So what was up with those Tar Heel doctors, right? Well, if you think they cornered the market on duplicitous doctors—think again.

1895 – The Bulletin of the American Academy of Medicine related how a Dr. “G.S.” graduate of Jefferson Medical College successfully duped an unnamed medical board two years earlier by sitting the exam successfully on behalf of his brother-in-law.

1903 – The Washington State Supreme Court upheld a decision by that state’s medical board to deny licenses to a pair of physicians found to have conspired to obtain advance copies of the licensing exam questions.

1904 – The Pennsylvania Board of Medical Examiners expelled four candidates from their exam for cheating.

1906 – President of the Indiana Medical Board reported being approached by a candidate offering $5000 for a passing score on their exam.

1912 – the Illinois Board of Health denied licensure to Charles Bateman based upon evidence he sat the Missouri medical licensing exam as a ringer on behalf of another physician, George W. Carson.

My favorite example of exam cheaters is one described in the October 1905 issue of the State Board Journal of America.

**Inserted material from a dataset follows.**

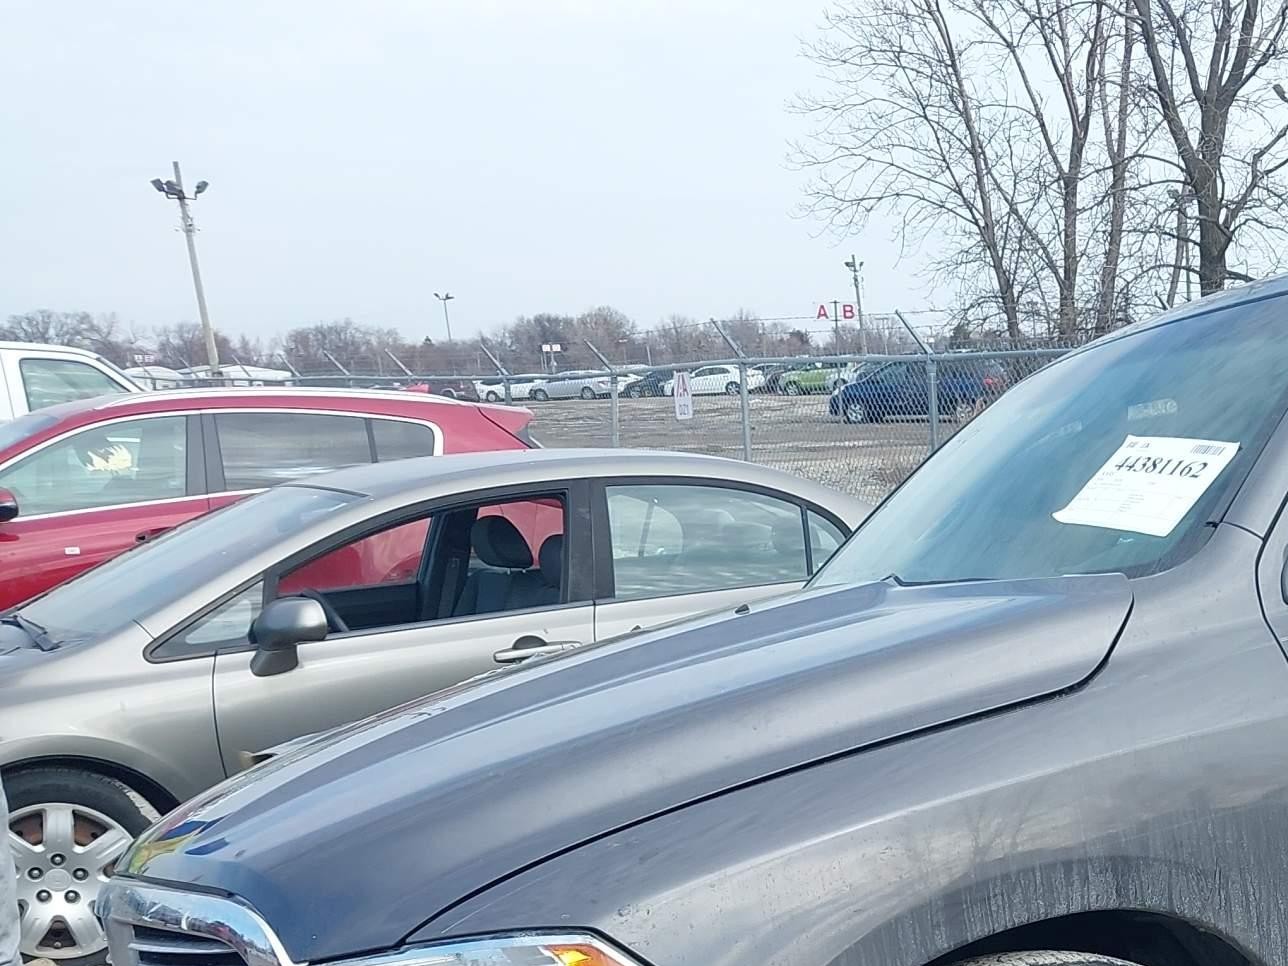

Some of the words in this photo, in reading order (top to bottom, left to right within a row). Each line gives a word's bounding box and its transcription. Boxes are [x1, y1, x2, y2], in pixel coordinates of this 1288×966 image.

[816, 304, 829, 319] A
[842, 304, 855, 319] B
[1115, 456, 1208, 478] 44381162

“There is the case of the young man, who, gaining access to the examination room on the night previous to the examination, bored a three-fourths inch hole in the floor so as to communicate with the coal-cellar below, where he next day had a corps of assistants installed with an ample library of modern text and reference books. When he wanted an answer, during the examination, he had only to write the question on a strip of paper, ball it up and drop it into his bureau of information. The question soon reappeared answered, and in the meantime he kept…his foot so adjusted over the aperture as to hide it and yet allow the return of the answered question.”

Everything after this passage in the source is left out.